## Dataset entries

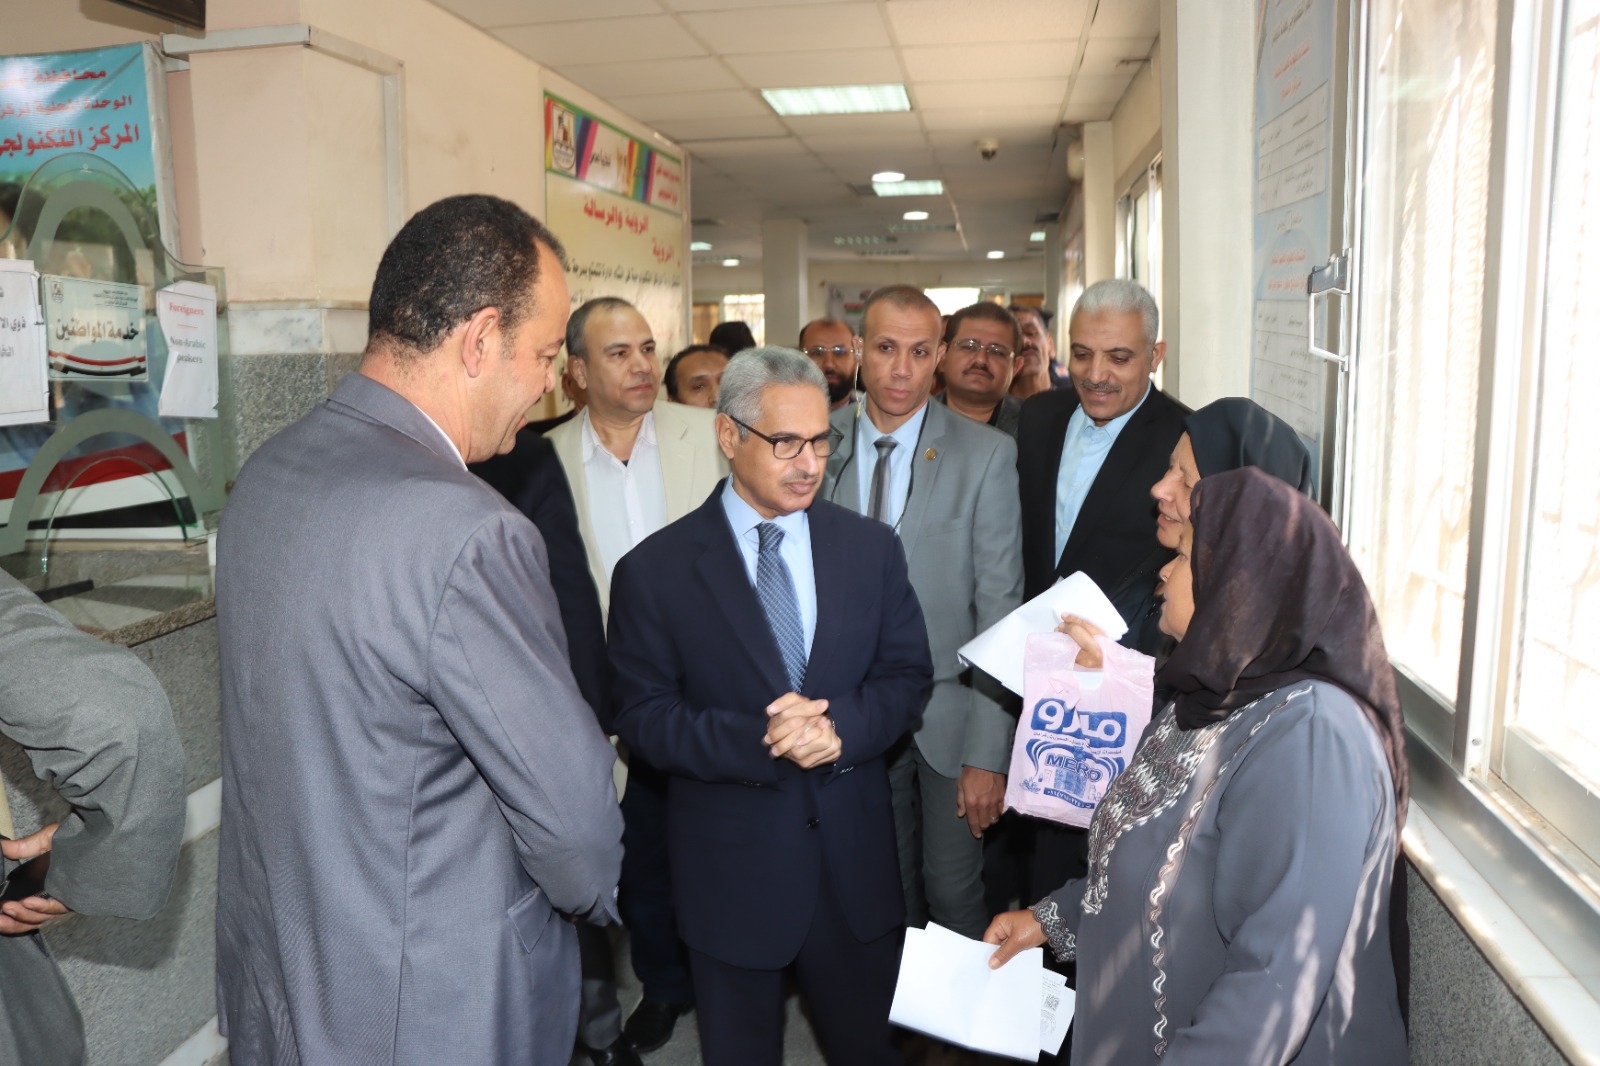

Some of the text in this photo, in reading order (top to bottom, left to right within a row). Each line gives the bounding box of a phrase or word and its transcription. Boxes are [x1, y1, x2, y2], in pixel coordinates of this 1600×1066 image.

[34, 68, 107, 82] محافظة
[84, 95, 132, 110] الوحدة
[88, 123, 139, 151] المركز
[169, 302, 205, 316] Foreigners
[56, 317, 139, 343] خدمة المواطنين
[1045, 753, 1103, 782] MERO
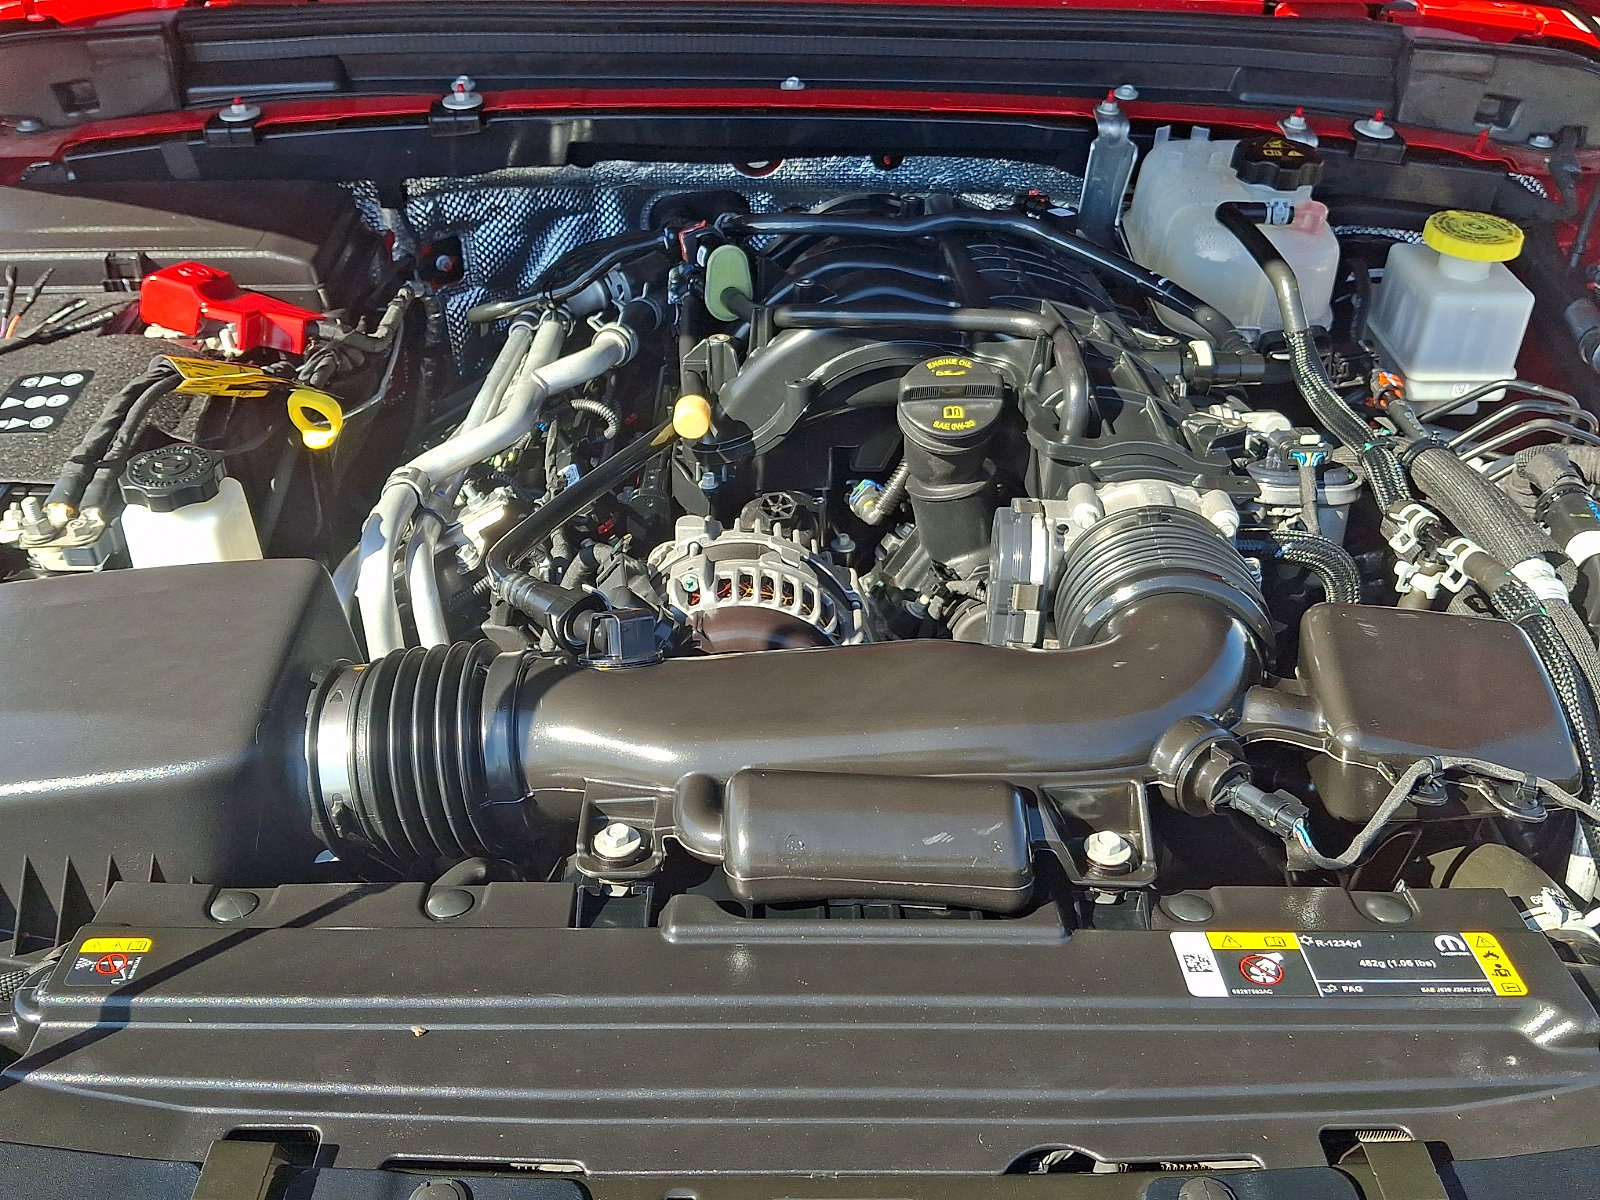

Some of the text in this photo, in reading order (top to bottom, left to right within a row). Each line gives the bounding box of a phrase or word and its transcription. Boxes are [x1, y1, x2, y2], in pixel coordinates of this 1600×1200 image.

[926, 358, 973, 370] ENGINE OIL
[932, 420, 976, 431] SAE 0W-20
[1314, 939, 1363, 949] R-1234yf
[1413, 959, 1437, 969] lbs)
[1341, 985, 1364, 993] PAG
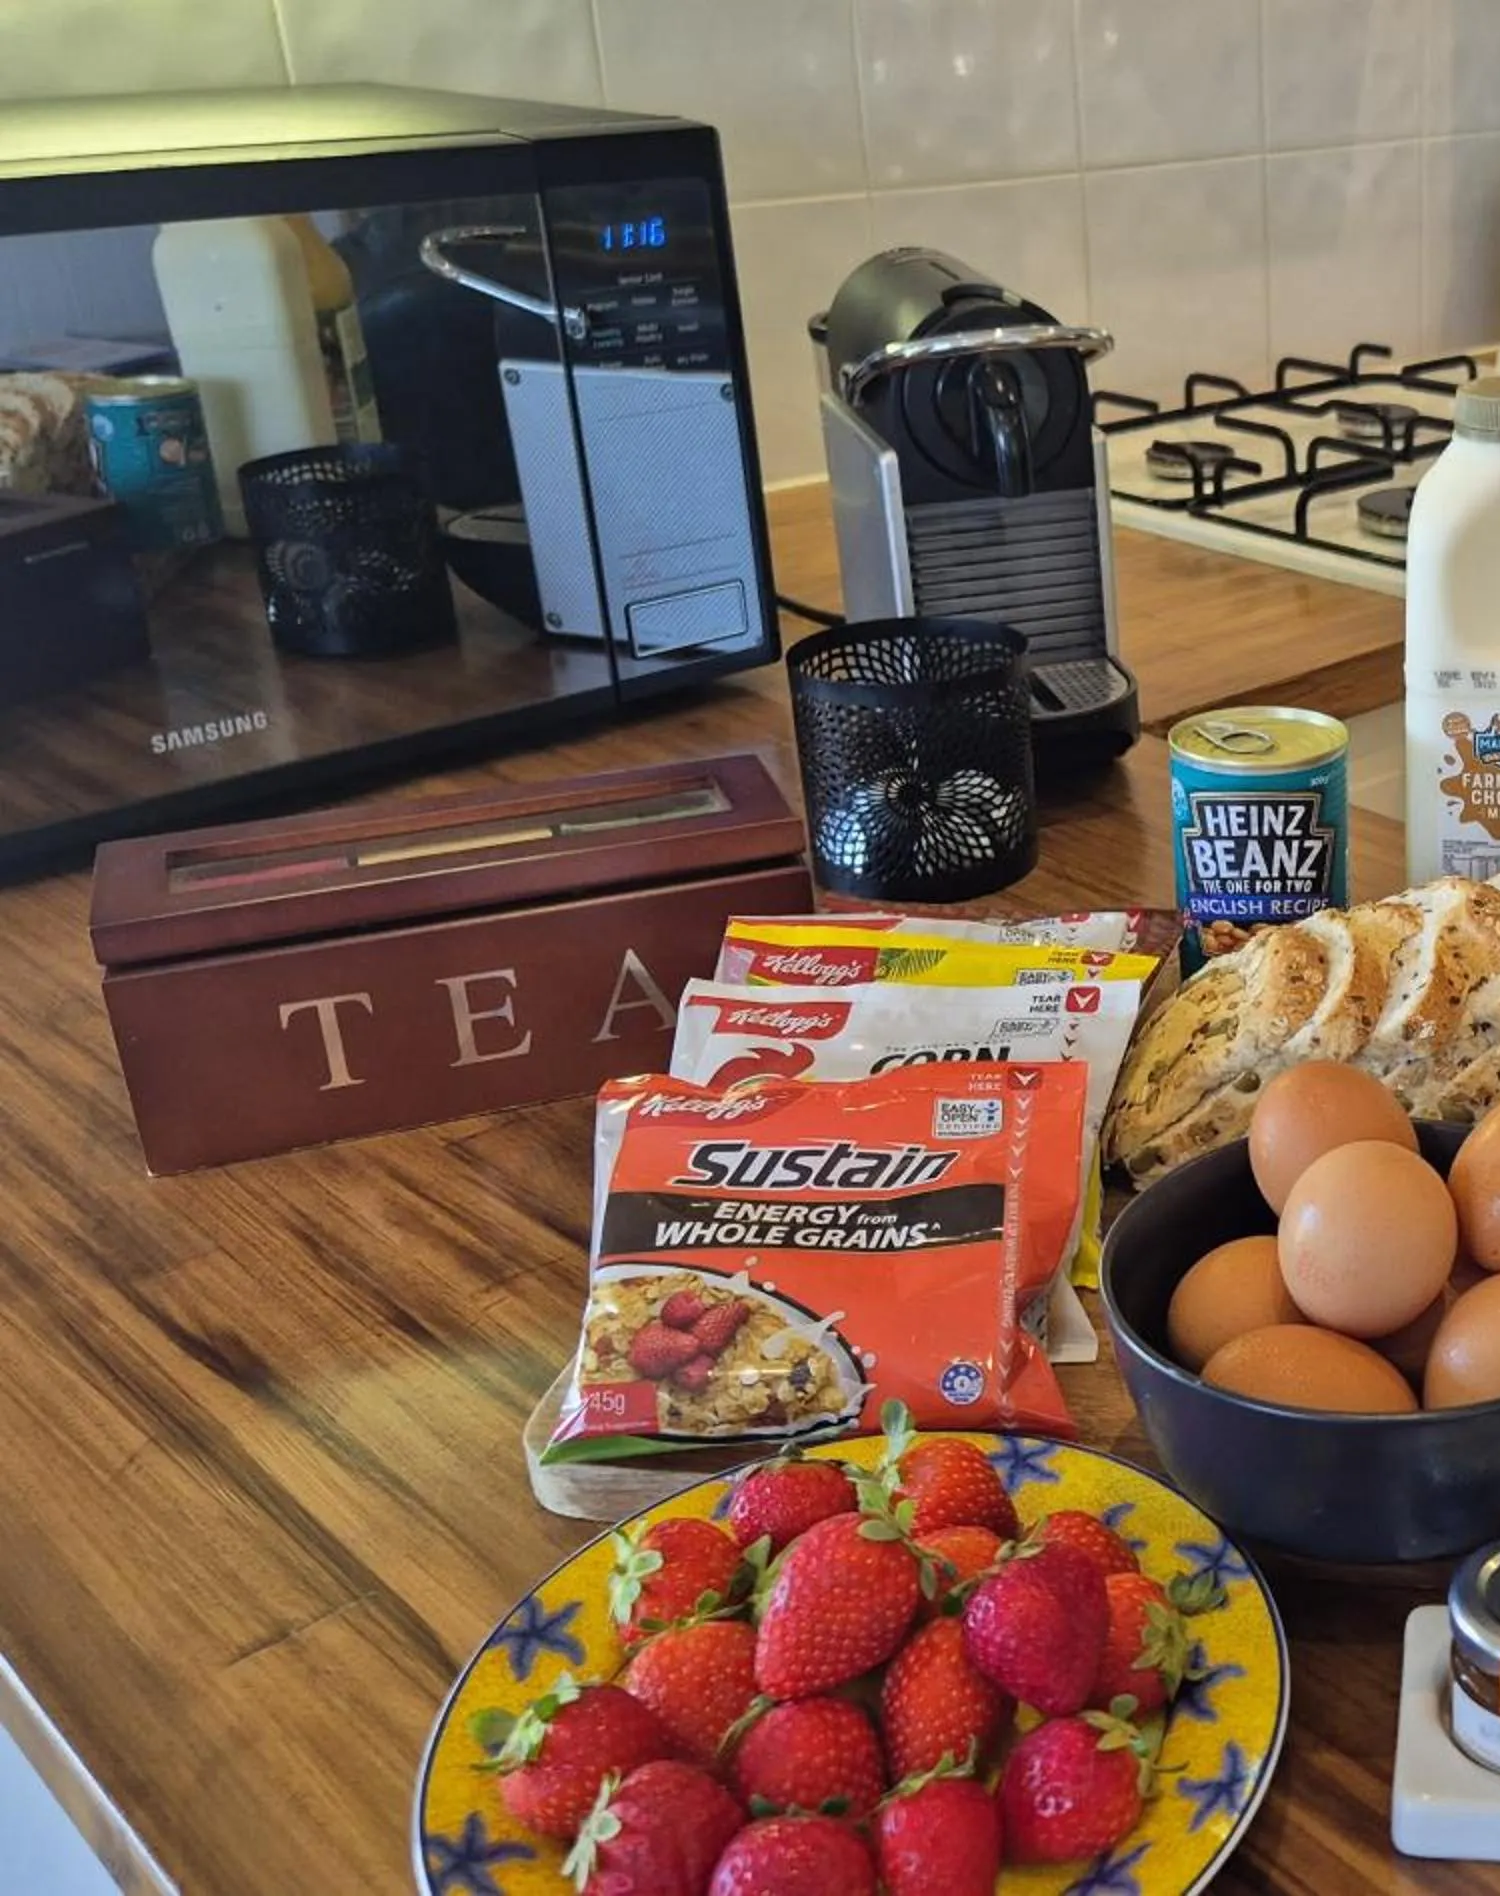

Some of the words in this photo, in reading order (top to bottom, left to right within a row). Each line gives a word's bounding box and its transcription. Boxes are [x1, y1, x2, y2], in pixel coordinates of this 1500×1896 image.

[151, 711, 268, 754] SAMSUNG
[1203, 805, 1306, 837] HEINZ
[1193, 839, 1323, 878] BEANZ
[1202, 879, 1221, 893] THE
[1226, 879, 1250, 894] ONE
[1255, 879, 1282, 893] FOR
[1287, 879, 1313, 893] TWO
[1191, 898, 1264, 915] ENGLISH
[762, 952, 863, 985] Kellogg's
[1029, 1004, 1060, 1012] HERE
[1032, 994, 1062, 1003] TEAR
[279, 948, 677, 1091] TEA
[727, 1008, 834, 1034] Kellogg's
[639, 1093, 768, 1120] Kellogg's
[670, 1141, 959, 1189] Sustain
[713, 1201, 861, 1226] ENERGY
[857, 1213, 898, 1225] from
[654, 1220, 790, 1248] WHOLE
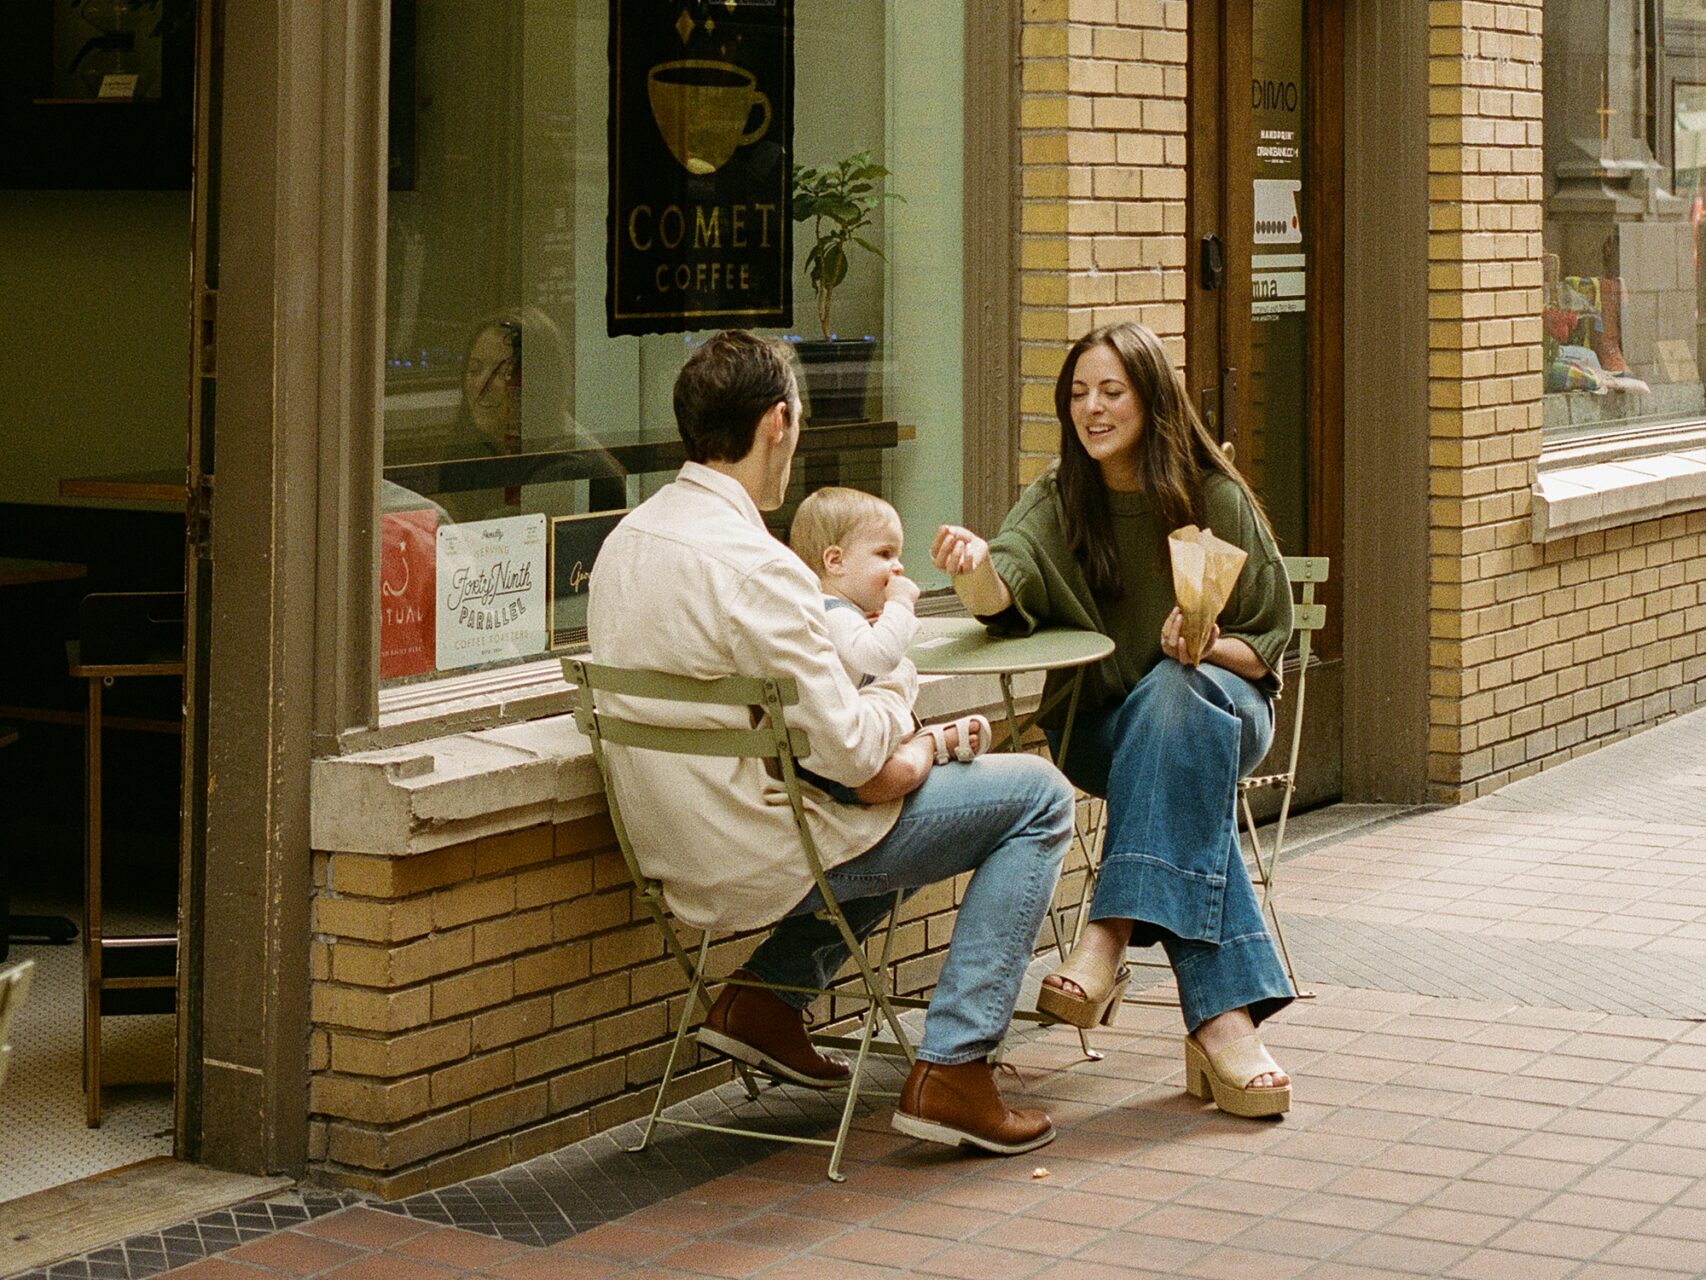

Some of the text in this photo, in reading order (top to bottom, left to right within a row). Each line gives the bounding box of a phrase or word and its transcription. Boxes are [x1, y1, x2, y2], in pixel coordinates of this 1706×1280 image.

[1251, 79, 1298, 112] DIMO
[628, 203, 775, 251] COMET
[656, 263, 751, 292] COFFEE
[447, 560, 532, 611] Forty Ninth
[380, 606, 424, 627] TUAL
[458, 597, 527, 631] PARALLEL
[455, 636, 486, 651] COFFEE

## YOUR OBJECTIVE
An exact copy of the entries above is required; pictures are not part of it.

## FINAL ANSWER
Some of the text in this photo, in reading order (top to bottom, left to right within a row). Each line gives the bounding box of a phrase or word and its transcription. Boxes are [x1, y1, x2, y2], in pixel coordinates of this 1600×1066 image.

[34, 68, 107, 82] محافظة
[84, 95, 132, 110] الوحدة
[88, 123, 139, 151] المركز
[169, 302, 205, 316] Foreigners
[56, 317, 139, 343] خدمة المواطنين
[1045, 753, 1103, 782] MERO

Some of the text in this photo, in reading order (top to bottom, left to right within a row). Each line gives the bounding box of a phrase or word and its transcription. Boxes are [x1, y1, x2, y2], in pixel coordinates of this 1600×1200 image.

[926, 358, 973, 370] ENGINE OIL
[932, 420, 976, 431] SAE 0W-20
[1314, 939, 1363, 949] R-1234yf
[1413, 959, 1437, 969] lbs)
[1341, 985, 1364, 993] PAG

Some of the words in this photo, in reading order (top to bottom, left to right within a row). Each line gives a word's bounding box and its transcription. Boxes are [x1, y1, x2, y2], in pixel coordinates of this 1500×1896 image.

[151, 711, 268, 754] SAMSUNG
[1203, 805, 1306, 837] HEINZ
[1193, 839, 1323, 878] BEANZ
[1202, 879, 1221, 893] THE
[1226, 879, 1250, 894] ONE
[1255, 879, 1282, 893] FOR
[1287, 879, 1313, 893] TWO
[1191, 898, 1264, 915] ENGLISH
[762, 952, 863, 985] Kellogg's
[1029, 1004, 1060, 1012] HERE
[1032, 994, 1062, 1003] TEAR
[279, 948, 677, 1091] TEA
[727, 1008, 834, 1034] Kellogg's
[639, 1093, 768, 1120] Kellogg's
[670, 1141, 959, 1189] Sustain
[713, 1201, 861, 1226] ENERGY
[857, 1213, 898, 1225] from
[654, 1220, 790, 1248] WHOLE

Some of the text in this photo, in reading order (top to bottom, left to right within a row). Each line gives the bounding box of a phrase or word and its transcription. Boxes are [x1, y1, x2, y2], in pixel coordinates of this 1706×1280 image.

[1251, 79, 1298, 112] DIMO
[628, 203, 775, 251] COMET
[656, 263, 751, 292] COFFEE
[447, 560, 532, 611] Forty Ninth
[380, 606, 424, 627] TUAL
[458, 597, 527, 631] PARALLEL
[455, 636, 486, 651] COFFEE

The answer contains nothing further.